İsrail’de tiyatro, TV’den sonra en popüler eğlence türüdür. Yedi milyonluk bu ülkede yılda dört milyonu aşkın bilet satılıyor! (...) İsrail’de her yıl 150 dolayında yeni oyun sahneleniyor, tiyatro okullarının halka açık olan, festivallerde de sergilenen yapımlar dahil olmak üzere... Art arda beş sezon izleyici çekebilen bazı başarılı oyunlar 300 - 500 kez “perde!” diyebiliyor. Yıllık bir tiyatro abonmanınız yoksa, yer bulmak için biletinizi çok önceden almalısınız. (...) Devlet yardımı, tiyatro bütçelerinin %20 ile %40 oranları arasındadır.

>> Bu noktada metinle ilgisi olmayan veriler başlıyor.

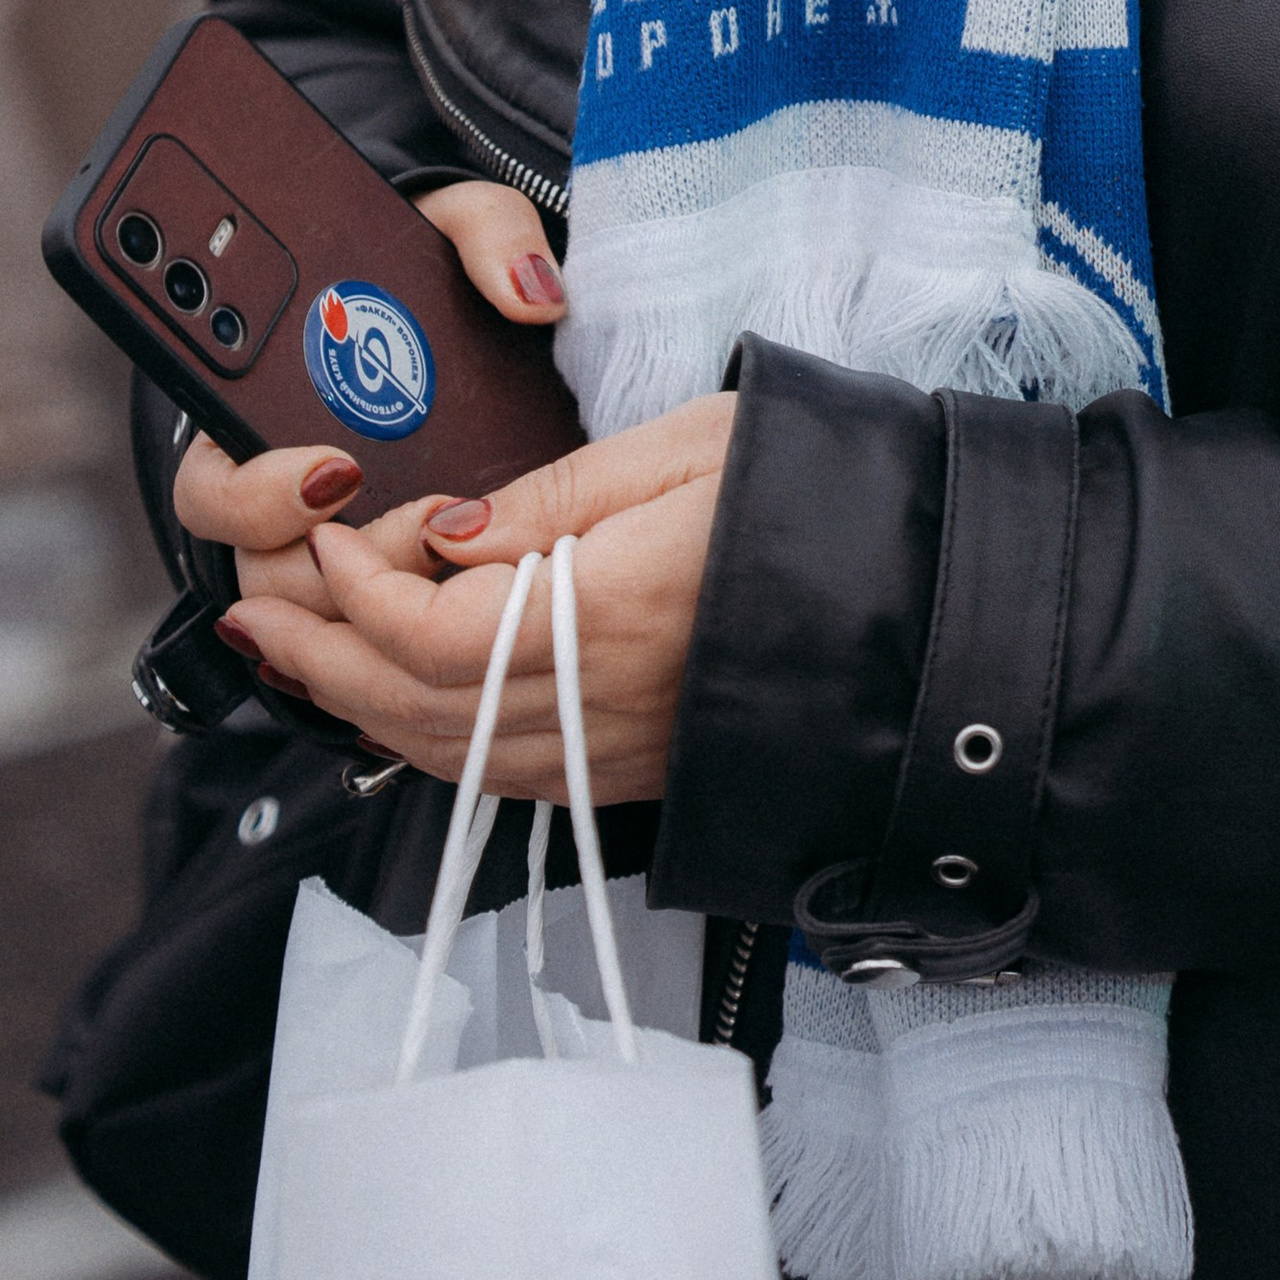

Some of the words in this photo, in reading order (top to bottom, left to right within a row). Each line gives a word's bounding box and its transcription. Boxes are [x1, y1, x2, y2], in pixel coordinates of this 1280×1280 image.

[328, 348, 344, 381] КЛУБ
[396, 326, 419, 383] ВОРОНЕЖ
[339, 381, 404, 415] ФУТБОЛЬНЫЙ

İsrail’in tiyatro geleneği, Rus Yahudiliğine dayanır. Daha Çarlık döneminde büyük bir gelişme göstermiş olan Yiddiş dilindeki tiyatronun en önemli topluluğu olan “Habima”, Moskova’daki kuruluşundan 12 yıl sonra Filistin topraklarına göç eden Rus Yahudileri tarafından 1928 yılında Tel Aviv’e taşınır. 1958’den bu yana “İsrail Milli Tiyatrosu” olarak da anılan ve halen iki sahnesinde faaliyet gösteren Habima’ya bir çeşit “Batı Avrupa tepkisi” olarak Alman göçmenlerince 1944’de kurulan Cameri Tiyatrosu, ülkelerinin sahne ekolündeki “Kammer” (= oda) sözcüğüne dayanan oda tiyatrosu (“Kammerspiele”) türünü başlatır. Dört ayrı sahnesiyle bugün İsrail’in en önemli tiyatrosu konumuna ulaşmış Cameri, özellikle yerel yazarların oyunlarıyla ülkenin kamuoyunu derinden sarsmasını başarmış ve bu yoldan çeşitli düşünce akımlarını da dolaylı olarak etkilemesini bilmiştir. İsrail’in üçüncü büyük repertuar tiyatrosu, iki sahnesi bulunan ve daha çok ticari yapımlara göz kırpan Beith Lessin Tiyatrosu’dur. Demirperde’nin yıkılmasıyla ise İsrail’de yeni bir Rus “perde”si açılır: Yakın çalışma arkadaşlarıyla ülkeye göç eden SSCB’nin önde gelen yönetmenlerinden Yevgeni Arie, 1991 yılında Gesher (= Köprü) Tiyatrosu’nu kurmasının hemen ardından ülke içinde olduğu gibi uluslararası çapta da büyük ilgi ve beğeni kazanır. Tel Aviv’de konuşlanmış ülkenin bu en büyük dört topluluğu ile birlikte Kudüs’teki Khan (= Han), Haifa ve Beer Sheva’dai sahneler, İsrail’in belli başlı repertuar tiyatrolarını oluşturur. Bunların dışında, gene çoğunluğu Tel Aviv’de bulunan yirmiyi aşkın bağımsız küçük tiyatro, ayrıca her yıl düzenlenip büyük yankılar uyandıran Akko Tiyatro Festivali, ülkenin sahne yaşamına değişik renkler katmaktadır.
***
Her yıl olduğu gibi, 27 Mart tüm dünyada “Tiyatro Günü” olarak kutlanıyor. Ben de bu anlamlı tarihi vesile alarak, bu haftaki yazımı tiyatro sanatına ayırmak istedim...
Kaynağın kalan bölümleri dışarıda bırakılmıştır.